Use quick quiz sessions to match words and meanings. This is meant for fast reinforcement rather than long-form reading.

Study

Articles and stories

Browse reading material by language, difficulty, and category. Articles and stories feed directly into the vocabulary system so words can be saved while you read.

Review

My Words

Review saved vocabulary collected from reading, quizzes, catalog browsing, or manual additions. This becomes your personal word bank across the app.

Words do not have to start in one place. A term can be picked up from an article, revisited in Practice, and then used again in a live cafe or study discussion.

Community

Communities

Communities are ongoing spaces for a shared topic, study plan, class, book club, language pair, or general interest group. They are different from cafes, which are live sessions.

Community types

  • General
  • Study group
  • Book club
  • Language pair
  • Class
  • Interest community

Privacy and access

  • Public communities that anyone can join
  • Request-to-join communities with approval flows
  • Invite-only communities for tighter membership control

Create and manage a community

  • Choose the community type, language, privacy level, category, and tags.
  • Add an icon, description, rules, and current focus.
  • Configure book-club details when relevant.

What members can do

  • Read posts, questions, polls, and announcements.
  • Join event-like activity and live pulse areas when available.
  • Explore member suggestions, introduce themselves, and use shared resources.

Live sessions

Create and schedule cafes

Cafes are the live voice rooms of Language Cafe. They can be opened instantly or scheduled ahead of time, including reminders, moderator setup, and community-based hosting.

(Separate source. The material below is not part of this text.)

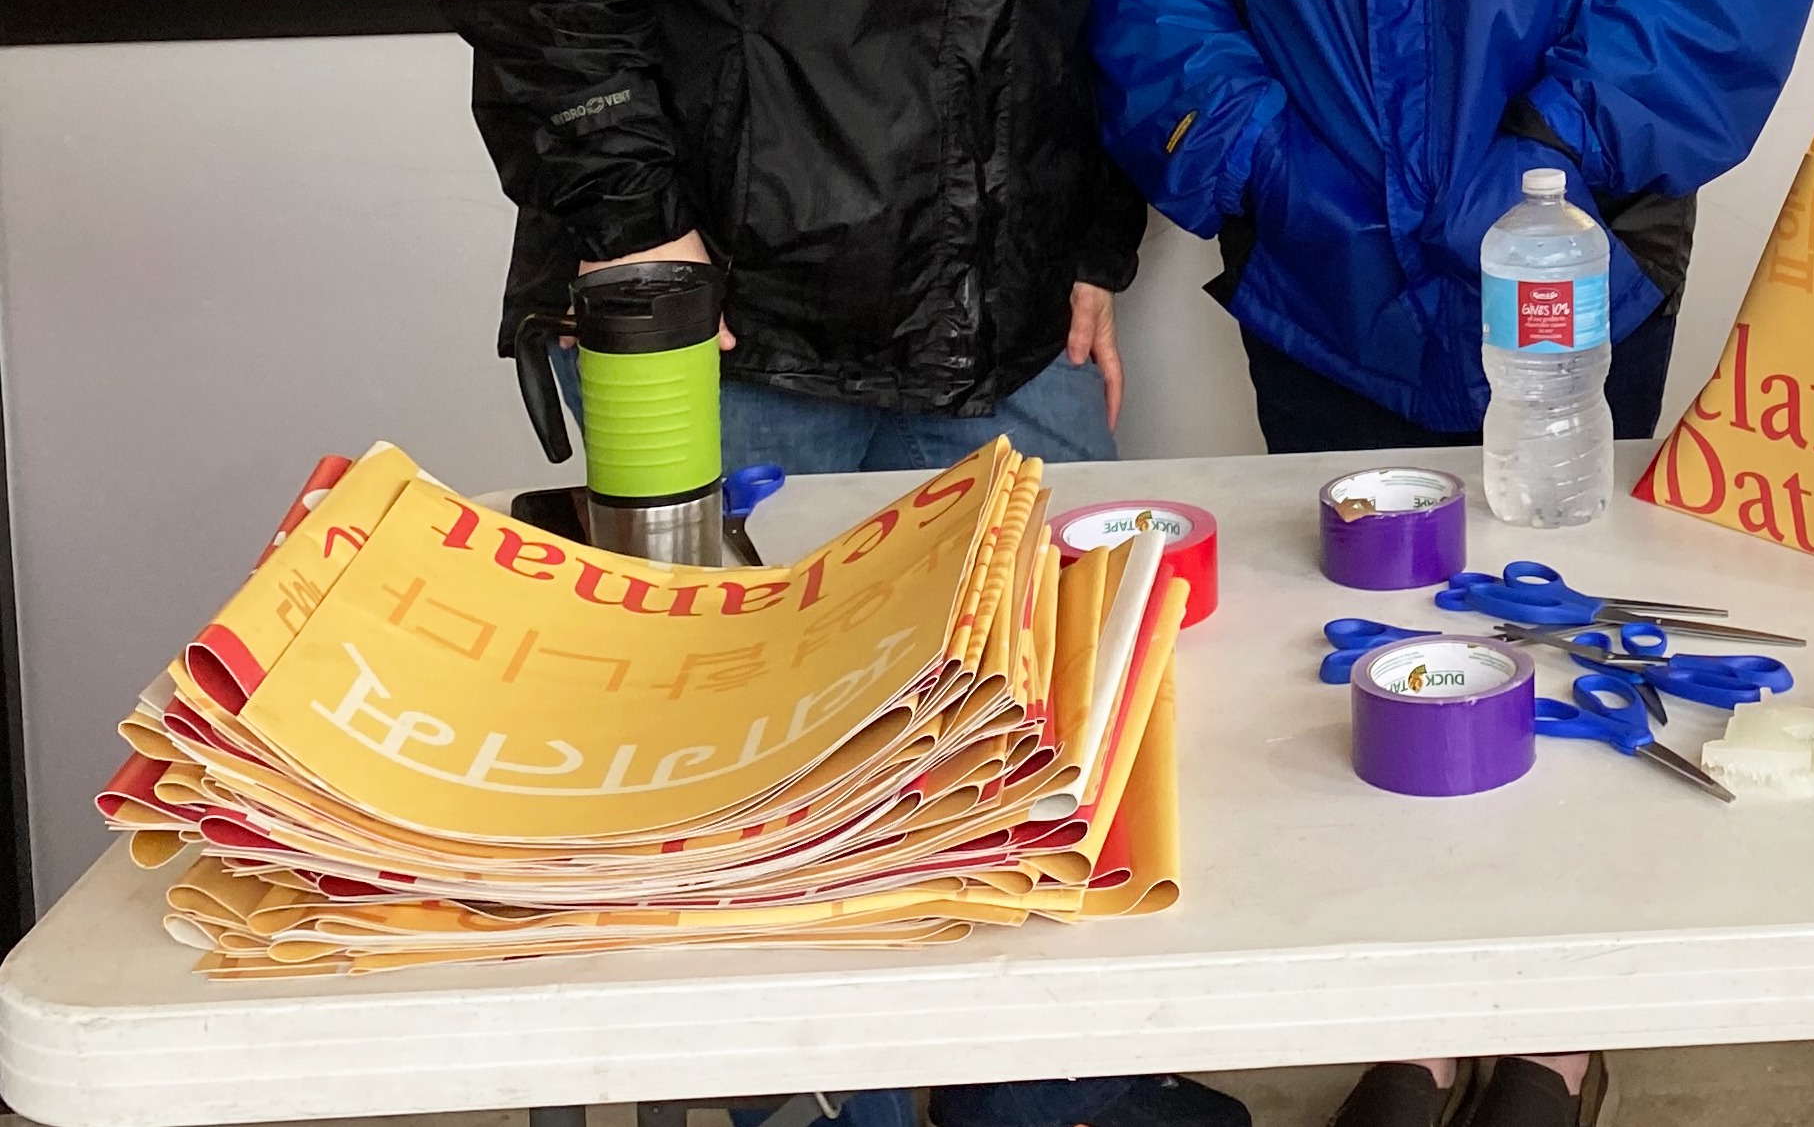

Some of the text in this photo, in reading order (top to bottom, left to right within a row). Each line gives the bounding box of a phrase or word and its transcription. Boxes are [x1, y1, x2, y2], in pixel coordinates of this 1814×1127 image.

[431, 453, 979, 619] Selamat
[1103, 520, 1136, 535] TAPE
[1388, 673, 1465, 693] DUCK TA

When creating a cafe you can set

  • Subject, description, and target language
  • Words to learn and supporting resource links
  • Community association when the room belongs to a group
  • Instant launch or scheduled start

Scheduled-cafe controls

  • Date, time, and expected duration
  • Visibility such as public, followers, or invited participants
  • Reminder settings and reminder timing
  • Auto-start, host absence handling, and moderator scheduling

The scheduled flow is built for repeatable study sessions. Hosts can prepare a topic, add learning words, attach useful links, and line up moderators before the room opens.

Room modes

Cafe modes and room roles

LangCafe cafes are not limited to open conversation. Hosts can run different activity modes depending on the learning goal.

Conversation mode

Standard live speaking room for open practice, prompts, and discussion.

Reading mode

Participants follow synced reading material together and can save words into their own Practice area.

Quiz mode

Shared word-choice activity with room participation and leaderboard-style feedback.

Media mode

Synced media playback, including shared YouTube-based listening sessions.

Room roles

  • Host
  • Moderator
  • Speaker
  • Audience

Host and moderator tools

  • Invite people to the stage
  • Promote or demote moderators and speakers
  • Mute or remove participants when needed
  • Apply room-level safety controls, including blocking access

Communication

Messages, safety, and support

LangCafe gives you ways to connect with people directly, but it also limits unsolicited messaging and provides reporting, blocking, and support tools when something goes wrong.

Direct messages

  • Private conversations live in the app.
  • A first contact may begin as a pending conversation request until the other person responds.
  • Blocked or ignored states can prevent further contact.

Report and block

  • Report users or posts for spam, harassment, impersonation, sexual content, violence, or other concerns.
  • Block users directly from the app when you do not want more interaction.
  • Hosts and moderators can also manage live-room behavior in cafes.

Support tickets

  • Open tickets for account, technical, billing, report, feedback, or other issues.
  • Include a subject, detailed message, and up to three screenshots when needed.
  • Track ticket status as open, in progress, awaiting user, resolved, or closed.